Postby mtngun » Wed May 11, 2011 10:53 am

This has already been discussed elsewhere on my site, but I'll repeat it here because it never ceases to amaze me how many people believe in old wives tales.

Here is a chart I made showing the relationship between BHN and tensile strength for various lead alloys. Based on real measurements, not theory. Most of the data points came from Vulcan Lead and Alchemy Castings, just because they were nice enough to publish their data.
Image

In other words, even the hardest lead alloy at about 30 BHN will yield at about 11,000 psi.

There are various formulas floating around on the web that would have you believe that lead is stronger than steel. A common one is PSI = 1422 x BHN. If you believe this formula, then a 30 BHN lead bullet does not yield until 42,660 psi. NOT ! ! !

Grade A36 mild steel has a BHN of 149. It's yield strength is 36,000 psi and a tensile strength of 58,000. Yet if we apply the PSI = 1422 x BHN formula, we're supposed to believe that the yield strength of mild steel is 212,000 psi ! ! !

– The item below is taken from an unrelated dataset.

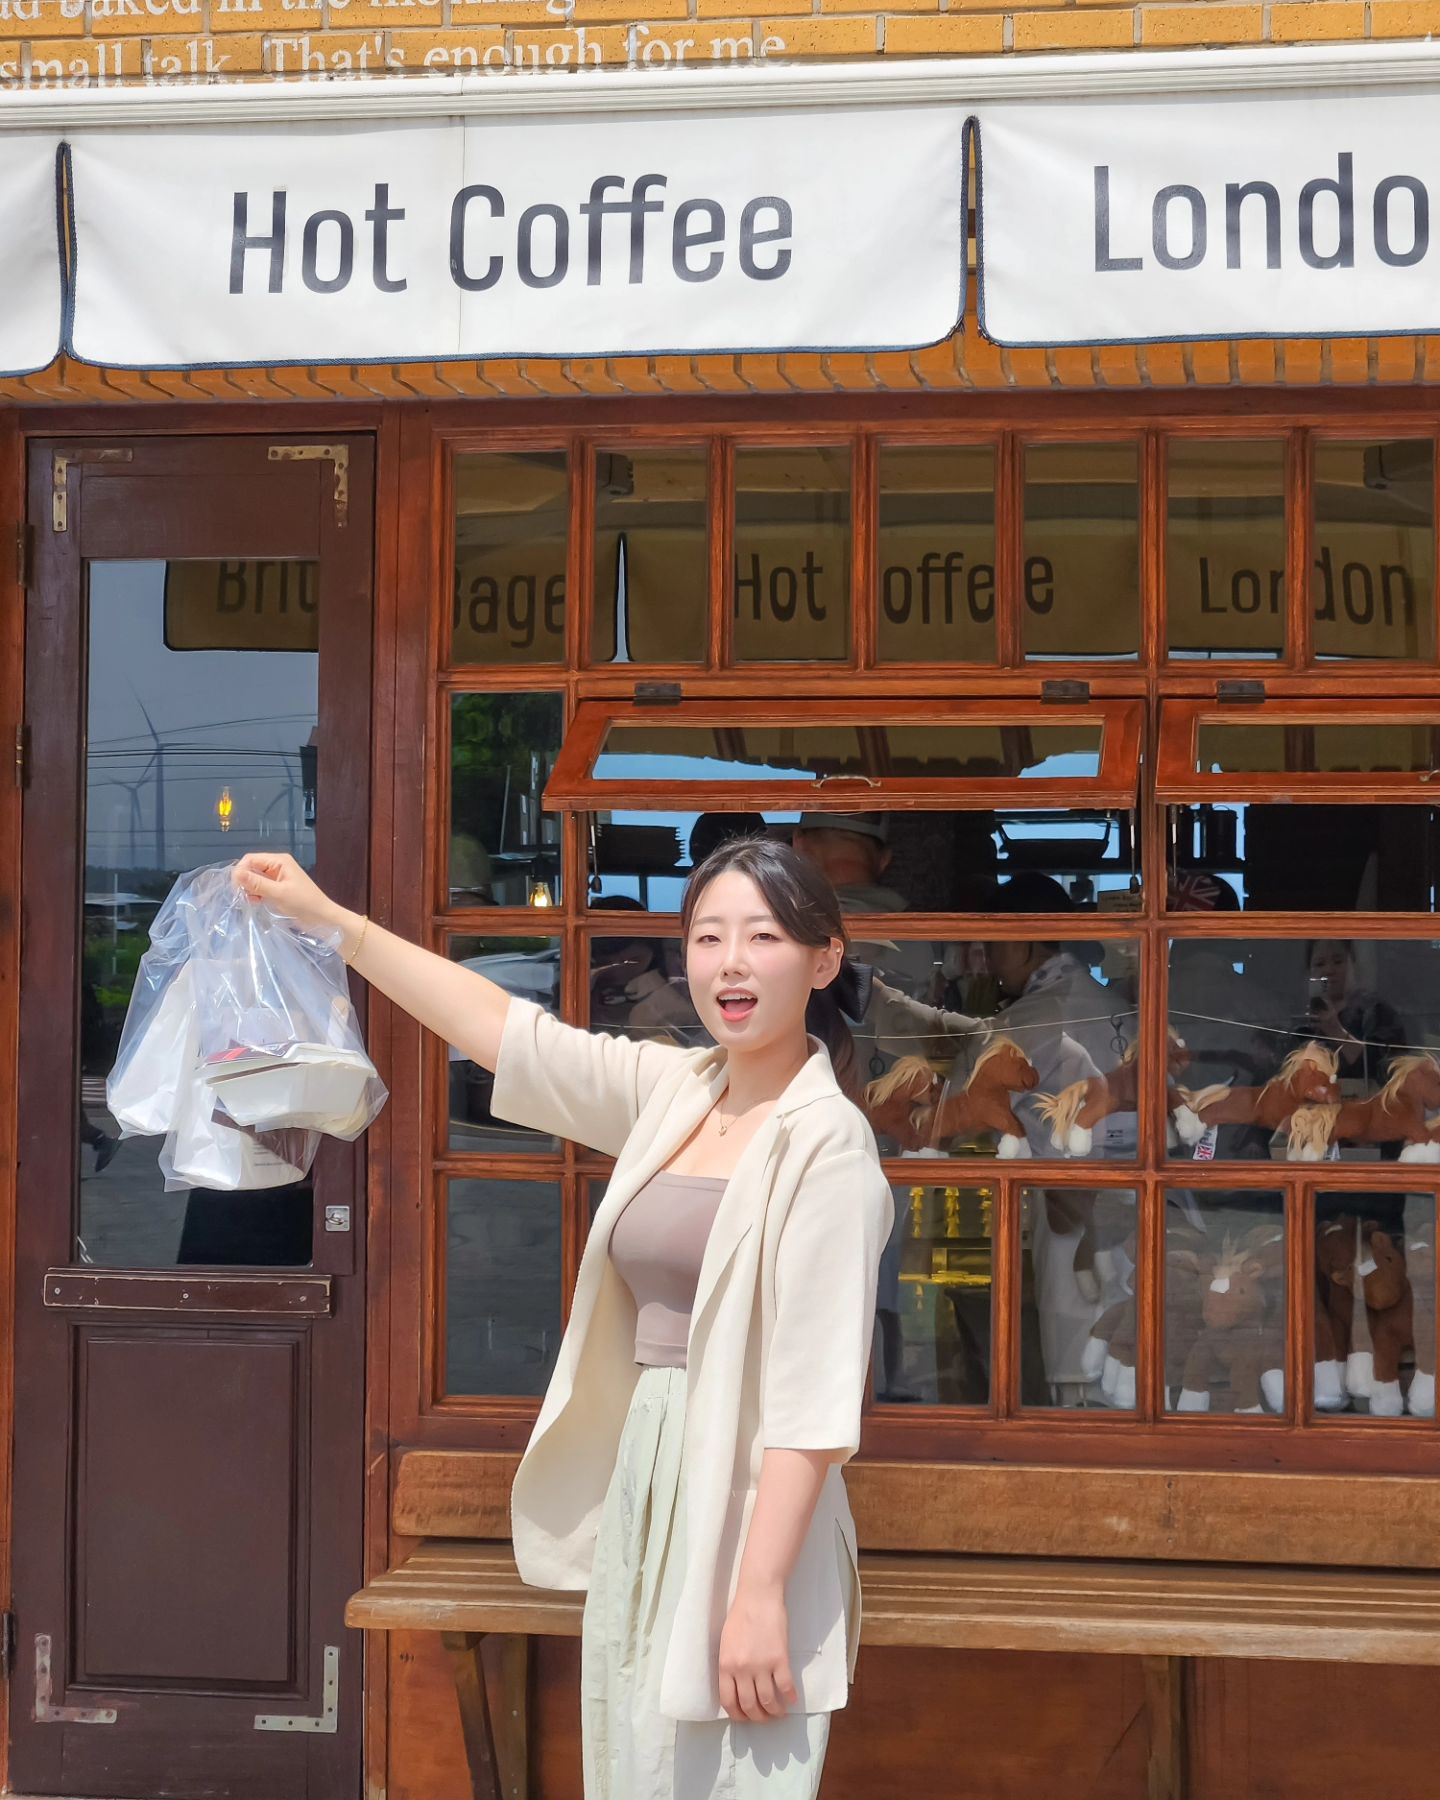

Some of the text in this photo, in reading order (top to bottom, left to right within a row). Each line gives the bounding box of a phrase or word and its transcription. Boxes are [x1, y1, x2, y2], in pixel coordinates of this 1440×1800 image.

On the other hand, let's apply my formula for tensile (not yield) strength, PSI = 375 * BHN + 500. My formula says mild steel should have a tensile strength (not yield) of 56,375 psi, pretty close to the official spec of 58,000. I'm not advocating using my formula for steel, I'm merely pointing out that it's in the ball park, unlike the 1422 formula.

To clarify, yield strength is when the metal begins to deform. Tensile strength is when the metal actually breaks apart. There's a big difference between the yield strength and the tensile strength of steel, but not so much difference for lead.

The pressure that burning powder applies to the bullet will not be constant, but will vary from the base of the bullet to the tip, like this:
Image

What this means is that there are degrees of obturation. The bottom of the bullet may obturate, but the rest of the bullet may not obturate. Or the bullet may obturate when the chamber pressure peaks, but not before or after. That's life, we have to deal with it, and that' why I prefer to size bullets "big enough" so that they fit without obturating.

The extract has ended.